[EXERCISE INSTRUCTIONS]: Every line below that includes the word "text" needs to be copied.

[EXERCISE INPUT]:
:::::

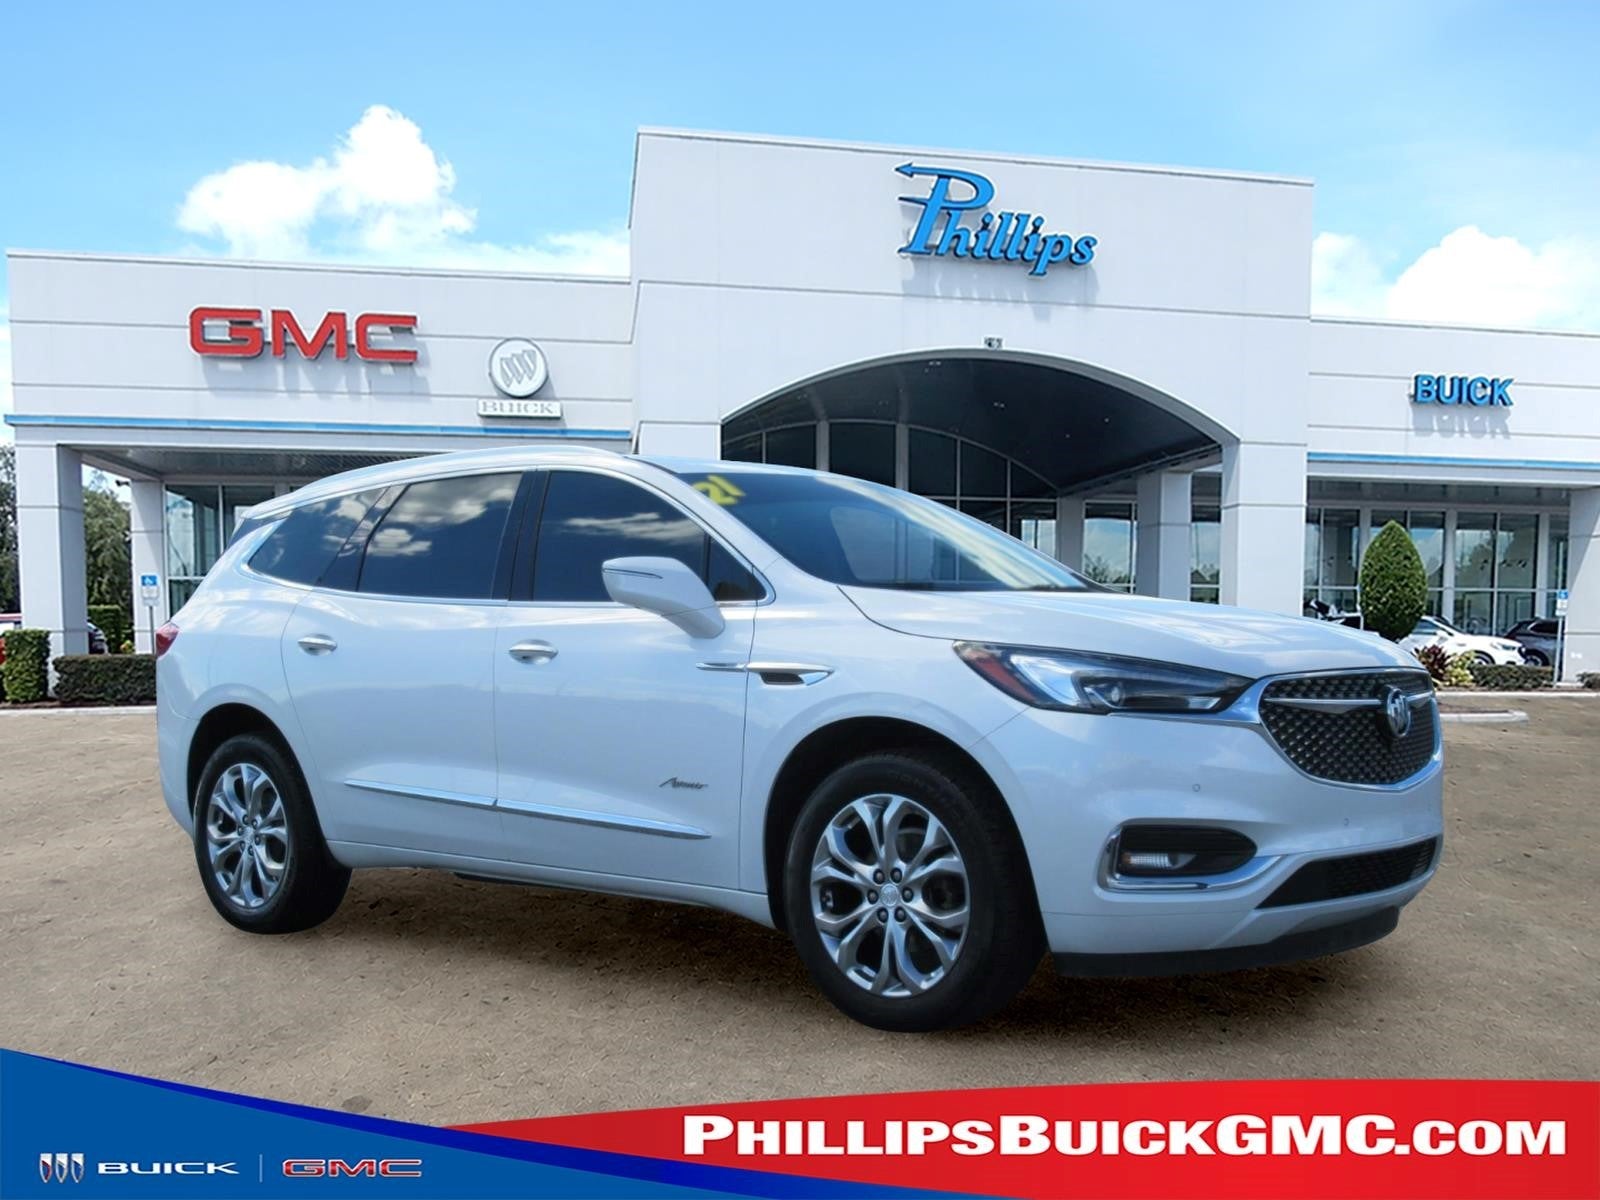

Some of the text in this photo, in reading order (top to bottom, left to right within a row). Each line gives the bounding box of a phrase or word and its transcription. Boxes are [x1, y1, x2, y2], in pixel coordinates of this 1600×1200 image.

:::::

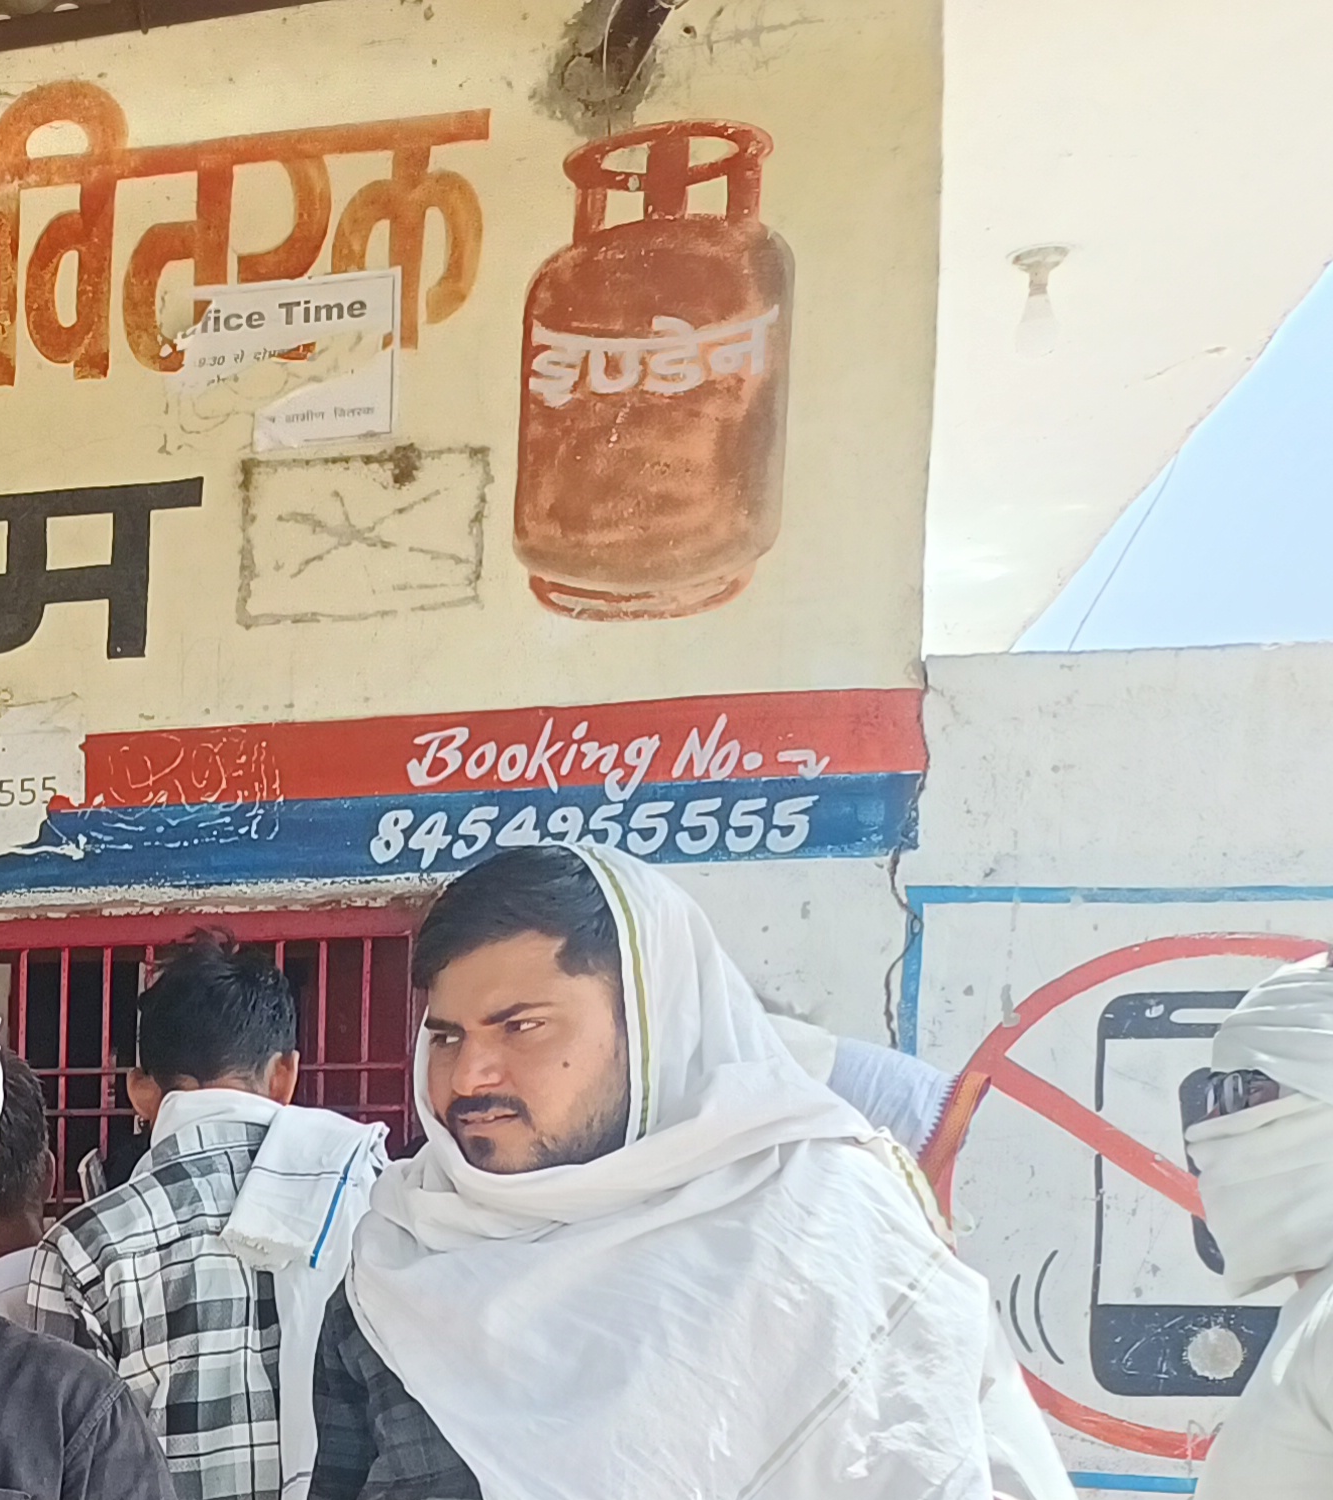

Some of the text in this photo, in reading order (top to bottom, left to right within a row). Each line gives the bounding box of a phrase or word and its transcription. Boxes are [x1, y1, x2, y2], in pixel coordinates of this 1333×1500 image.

:::::

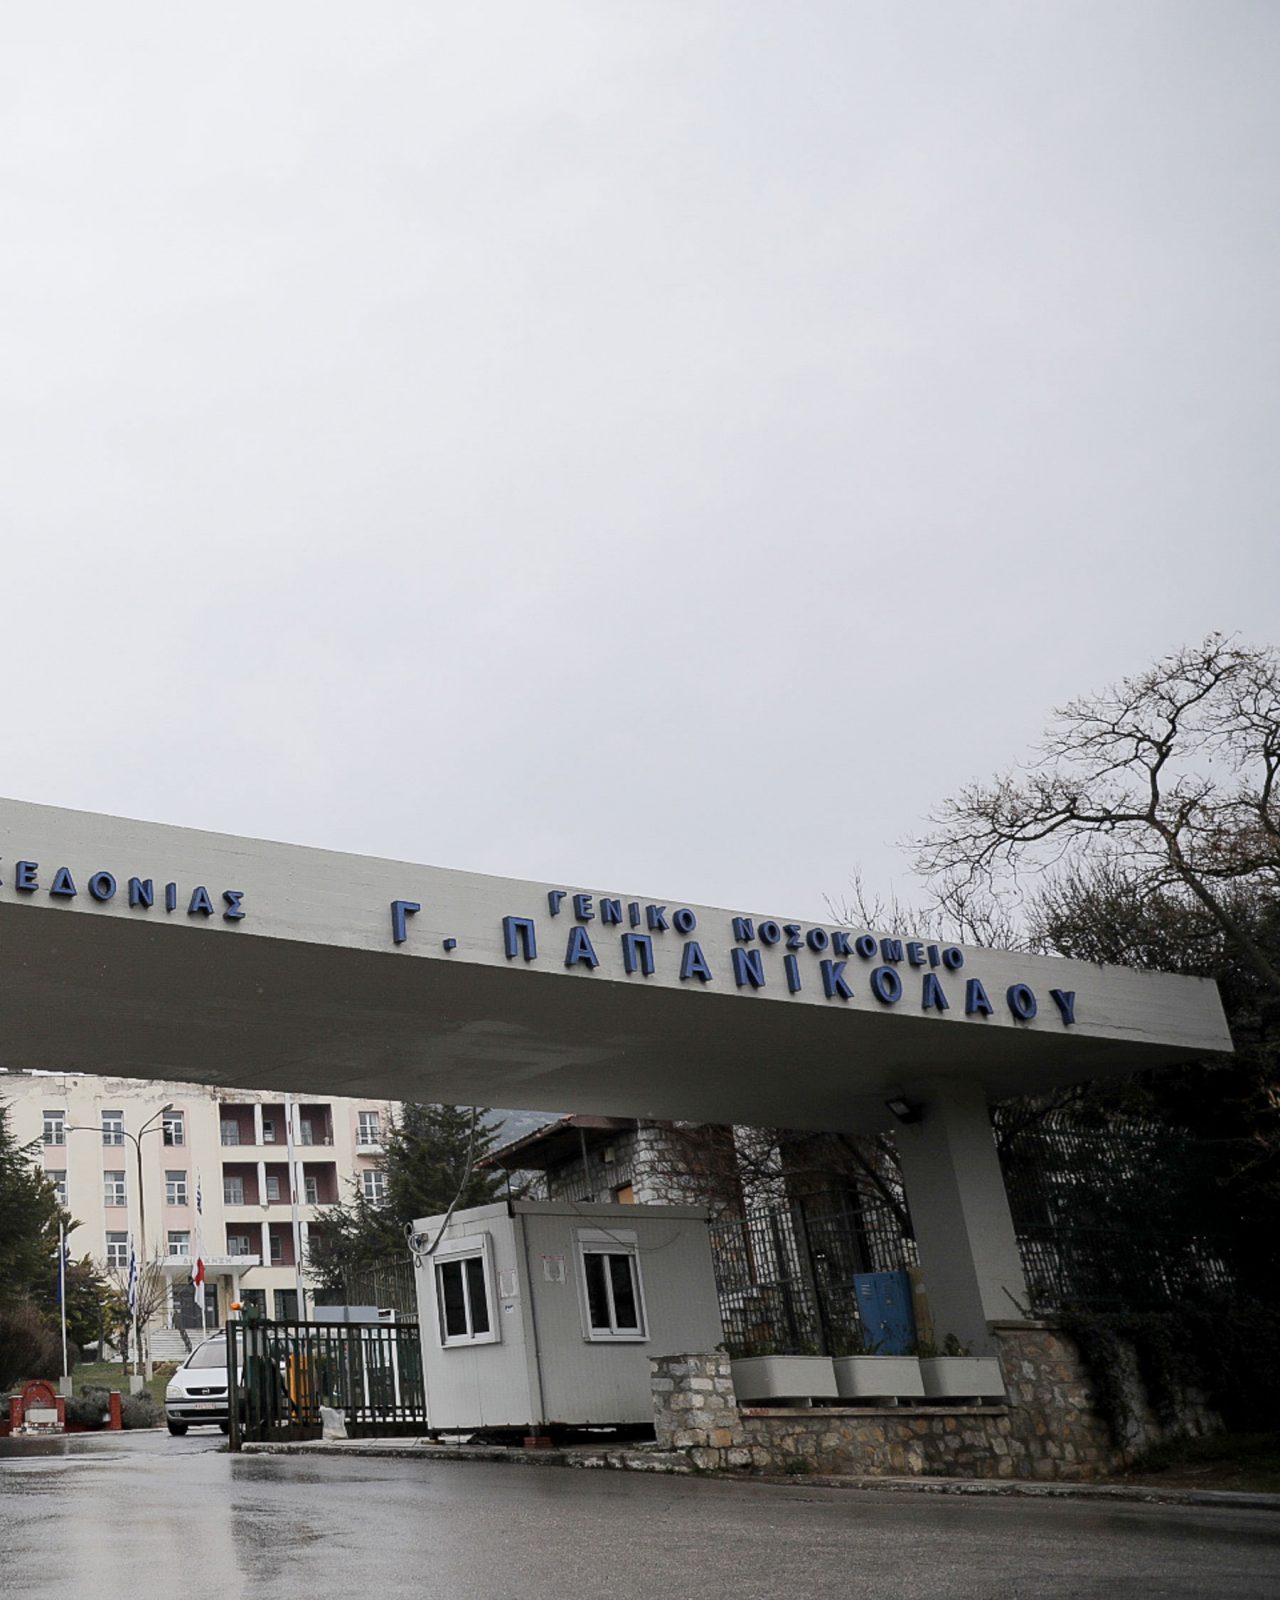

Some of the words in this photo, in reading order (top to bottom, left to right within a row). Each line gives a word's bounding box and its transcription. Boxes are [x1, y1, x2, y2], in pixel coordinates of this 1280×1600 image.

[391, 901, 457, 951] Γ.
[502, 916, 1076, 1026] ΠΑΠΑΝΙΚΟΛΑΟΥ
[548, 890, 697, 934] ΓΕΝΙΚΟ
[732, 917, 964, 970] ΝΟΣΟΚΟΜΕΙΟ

:::::

[THE ANSWER]:
Some of the text in this photo, in reading order (top to bottom, left to right within a row). Each line gives the bounding box of a phrase or word and its transcription. Boxes are [x1, y1, x2, y2], in pixel coordinates of this 1600×1200 image.
Some of the text in this photo, in reading order (top to bottom, left to right within a row). Each line gives the bounding box of a phrase or word and its transcription. Boxes are [x1, y1, x2, y2], in pixel coordinates of this 1333×1500 image.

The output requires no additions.